9 thoughts on “Profiling and Logging in Query Monitor”

  1. Curly braces are great for simple variable but not so much for objects, even with a print_r.
    Currently I trigger 2 actions: message first, then the object. This way I get a since printed version of the context.
    What would be the best way to pass an array or object as context for qm/debug?

  2. it would be an awesome feature for Query monitor to be able to enable WP_DEBUG and logging from an admin page and see the errors there. Sometimes when there’s a fatal php error on a front end page, the admin bar doesn’t show at all, hence the debug bar is not accessible either to see what is causing the error. With an admin page that lists the debug log entries this would be easy to circumvent.

  3. The profiling feature is really useful – thanks!

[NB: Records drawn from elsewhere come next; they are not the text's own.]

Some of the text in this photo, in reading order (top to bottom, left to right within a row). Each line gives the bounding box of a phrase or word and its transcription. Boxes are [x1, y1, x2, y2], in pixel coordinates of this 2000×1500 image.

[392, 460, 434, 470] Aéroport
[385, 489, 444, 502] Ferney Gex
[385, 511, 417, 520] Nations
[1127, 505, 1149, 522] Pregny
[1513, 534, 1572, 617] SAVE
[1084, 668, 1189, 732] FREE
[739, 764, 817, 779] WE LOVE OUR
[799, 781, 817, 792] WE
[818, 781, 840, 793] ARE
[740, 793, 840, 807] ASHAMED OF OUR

    Is there a way to log `qm/start` profiling (time and mem use) to file or database? I want to use this to profile background tasks (independent of a web request), where can I find this data?

    • There’s no way to do this in QM by default but you could hook into those actions yourself and log them. For example:

      add_action( 'qm/start', function( $name ) {
      error_log( "Started: {$name}" );
      } );

  4. Hello!
    First, thank you for making this amazing tool!

    I have a question.
    Loggins is not working inside of a handler for add_action.
    It works outside of it though.
    Do you know why?
    I tried both do_action and the static method.